(Saved entries)
........
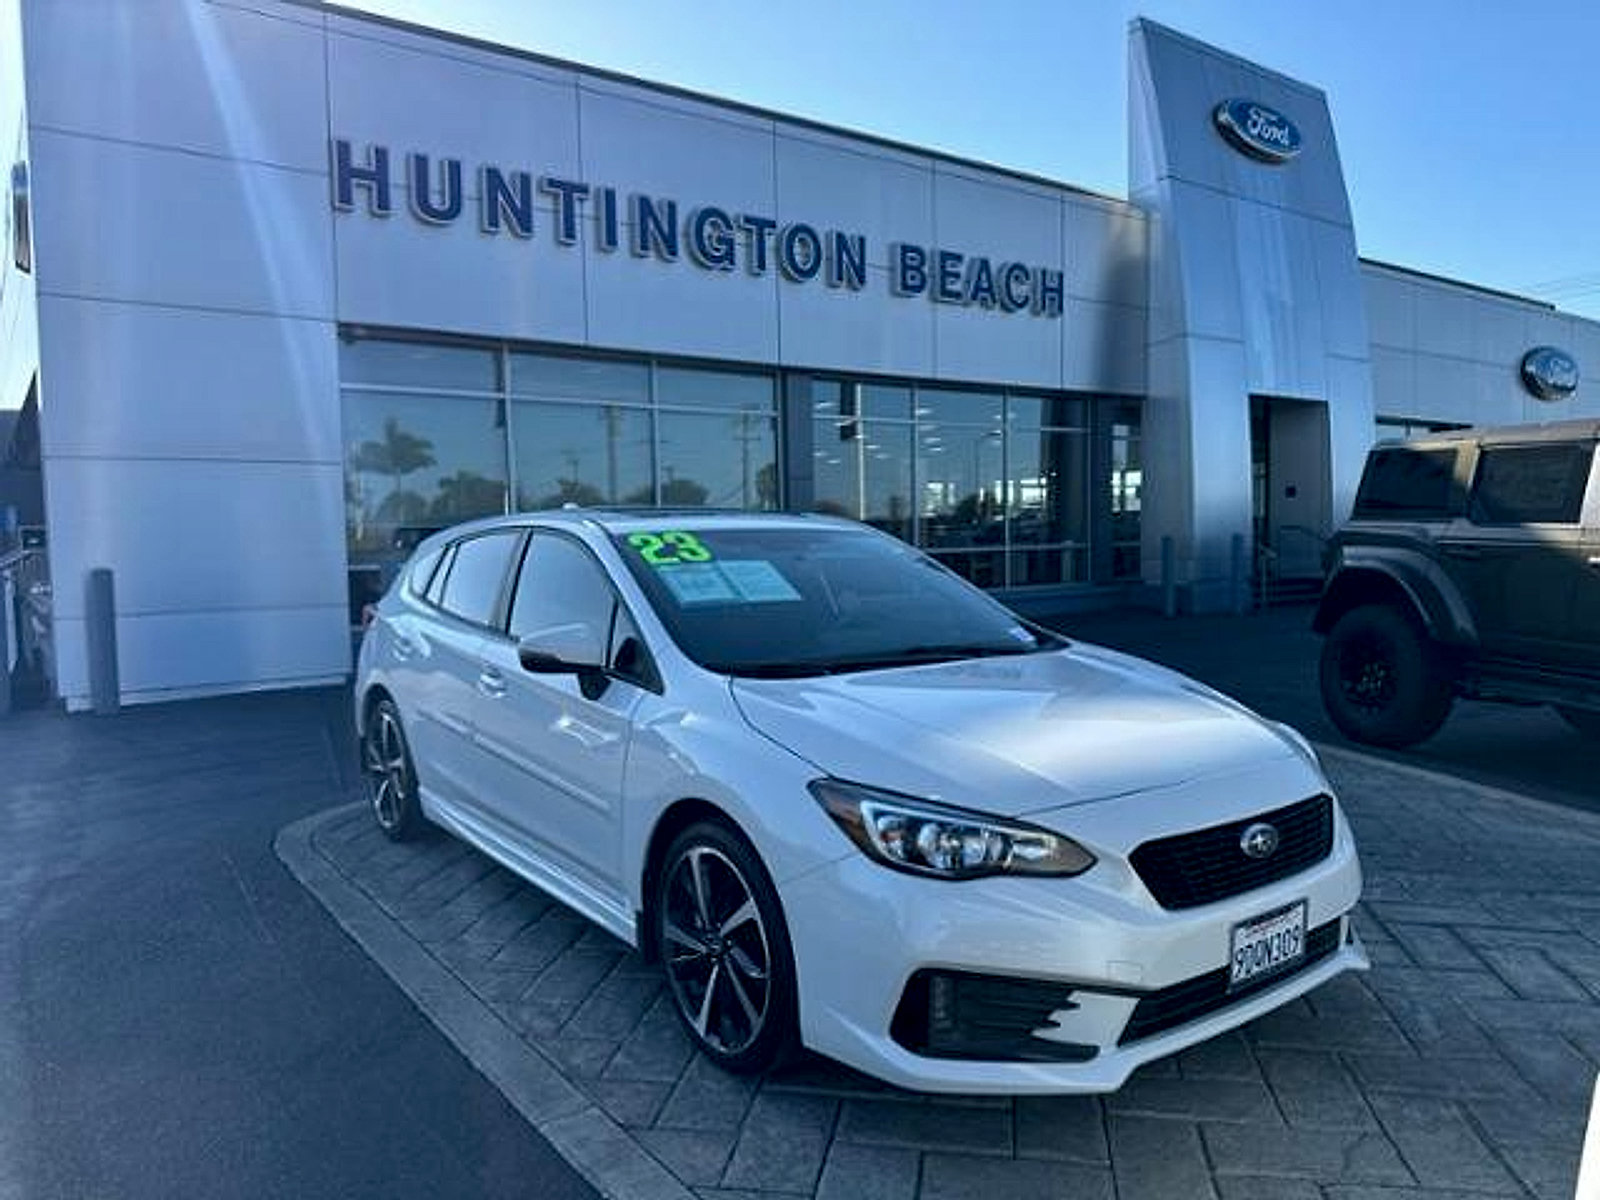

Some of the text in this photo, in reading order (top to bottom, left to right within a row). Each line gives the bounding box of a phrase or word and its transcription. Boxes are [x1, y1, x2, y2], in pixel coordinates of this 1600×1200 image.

[1247, 107, 1289, 146] Ford
[332, 139, 1065, 318] HUNTINGTON BEACH
[627, 529, 713, 566] 23
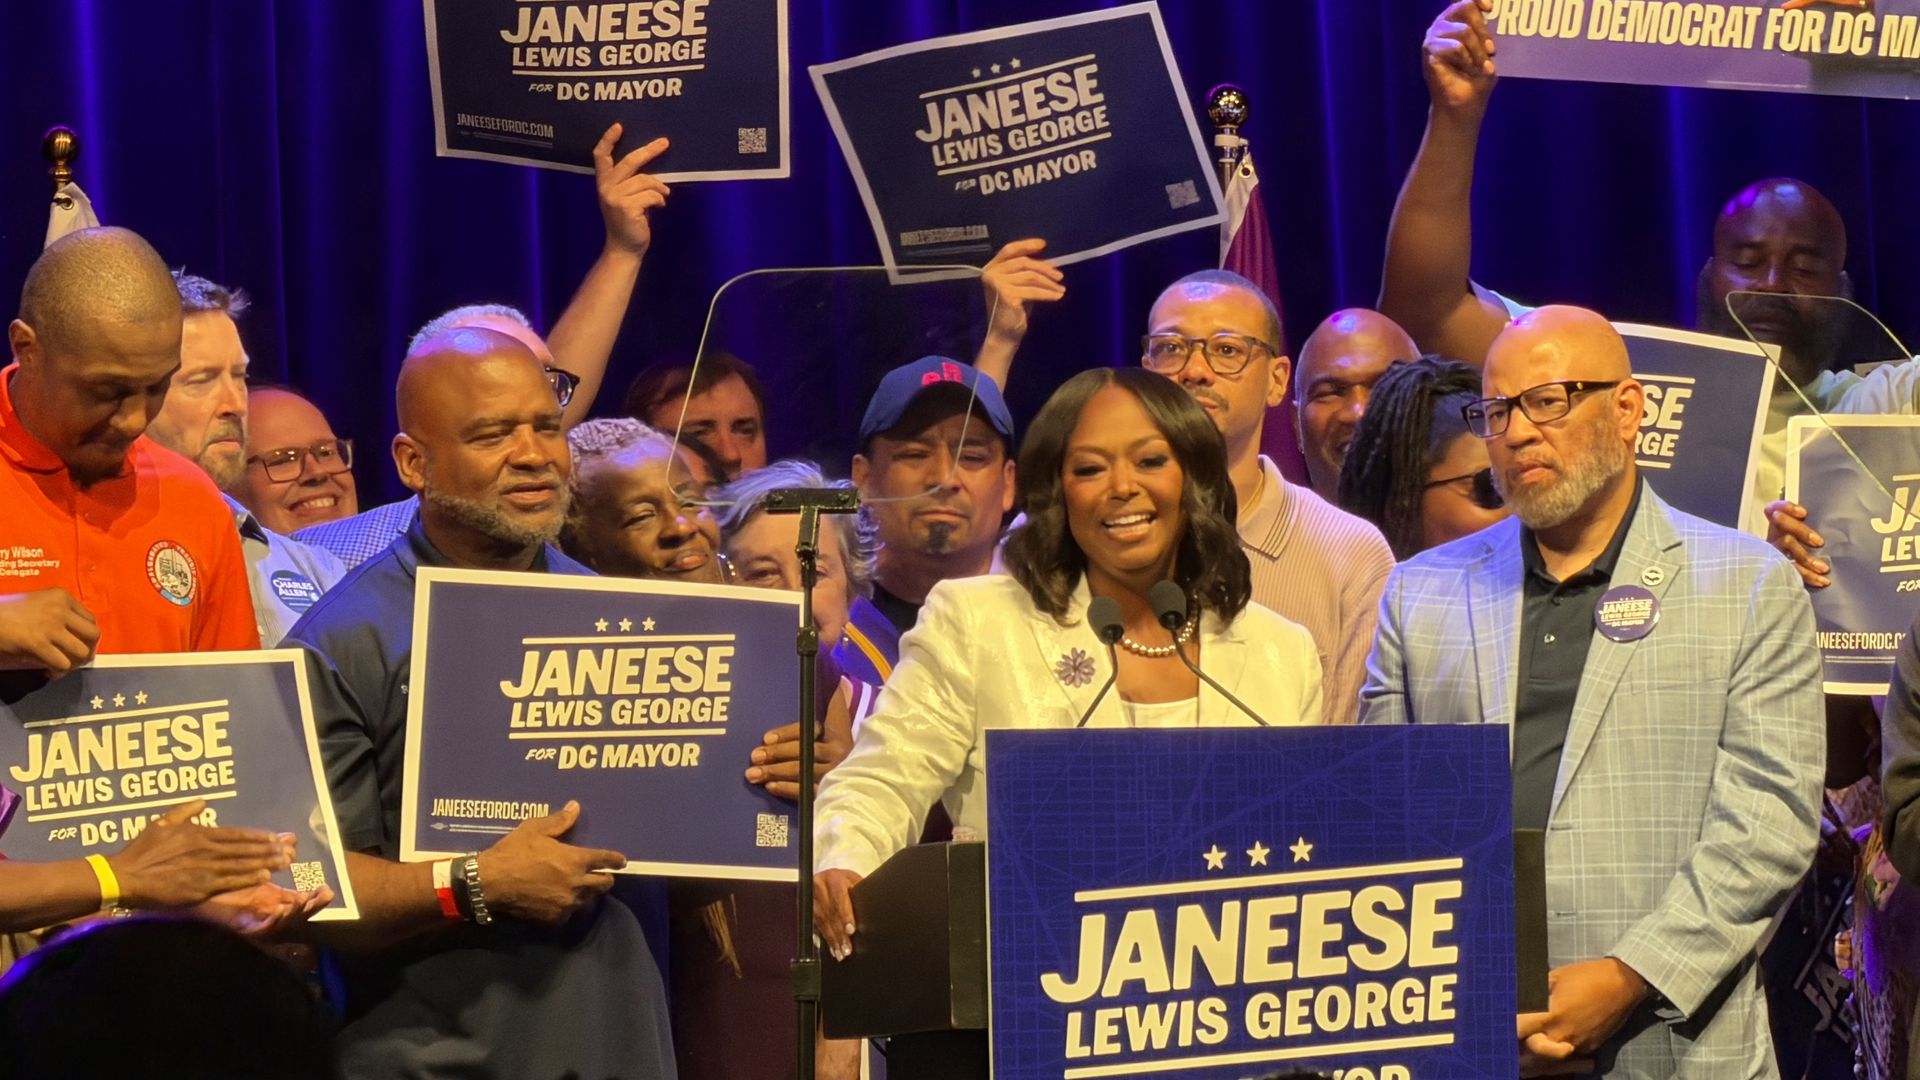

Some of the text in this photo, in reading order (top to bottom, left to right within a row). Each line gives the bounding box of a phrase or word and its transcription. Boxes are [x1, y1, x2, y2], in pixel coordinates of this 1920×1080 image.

[501, 0, 709, 43] JANEESE
[1586, 0, 1763, 49] DEMOCRAT
[1763, 8, 1826, 53] FOR
[1829, 12, 1876, 56] DC
[1878, 15, 1920, 59] M
[513, 39, 706, 67] LEWIS GEORGE
[528, 78, 682, 101] FOR DC MAYOR
[915, 64, 1105, 143] JANEESE
[457, 113, 554, 138] JANEESEFORDC.COM
[932, 105, 1110, 166] LEWIS GEORGE
[979, 171, 1011, 195] DC
[1013, 150, 1097, 188] MAYOR
[11, 546, 44, 558] Wilson
[17, 559, 61, 568] Secretary
[500, 646, 735, 698] JANEESE
[510, 697, 731, 728] LEWIS GEORGE
[9, 712, 232, 782] JANEESE
[525, 743, 700, 769] FOR DC MAYOR
[26, 760, 235, 811] LEWIS GEORGE
[48, 827, 78, 841] FOR
[81, 820, 119, 846] DC
[1040, 880, 1463, 1004] JANEESE
[1065, 974, 1457, 1058] LEWIS GEORGE
........
The whole of the data above needs retyping exactly, with pictures omitted.

## [Worked solution]
Some of the text in this photo, in reading order (top to bottom, left to right within a row). Each line gives the bounding box of a phrase or word and its transcription. Boxes are [x1, y1, x2, y2], in pixel coordinates of this 1600×1200 image.

[1247, 107, 1289, 146] Ford
[332, 139, 1065, 318] HUNTINGTON BEACH
[627, 529, 713, 566] 23

Some of the text in this photo, in reading order (top to bottom, left to right within a row). Each line gives the bounding box of a phrase or word and its transcription. Boxes are [x1, y1, x2, y2], in pixel coordinates of this 1920×1080 image.

[501, 0, 709, 43] JANEESE
[1586, 0, 1763, 49] DEMOCRAT
[1763, 8, 1826, 53] FOR
[1829, 12, 1876, 56] DC
[1878, 15, 1920, 59] M
[513, 39, 706, 67] LEWIS GEORGE
[528, 78, 682, 101] FOR DC MAYOR
[915, 64, 1105, 143] JANEESE
[457, 113, 554, 138] JANEESEFORDC.COM
[932, 105, 1110, 166] LEWIS GEORGE
[979, 171, 1011, 195] DC
[1013, 150, 1097, 188] MAYOR
[11, 546, 44, 558] Wilson
[17, 559, 61, 568] Secretary
[500, 646, 735, 698] JANEESE
[510, 697, 731, 728] LEWIS GEORGE
[9, 712, 232, 782] JANEESE
[525, 743, 700, 769] FOR DC MAYOR
[26, 760, 235, 811] LEWIS GEORGE
[48, 827, 78, 841] FOR
[81, 820, 119, 846] DC
[1040, 880, 1463, 1004] JANEESE
[1065, 974, 1457, 1058] LEWIS GEORGE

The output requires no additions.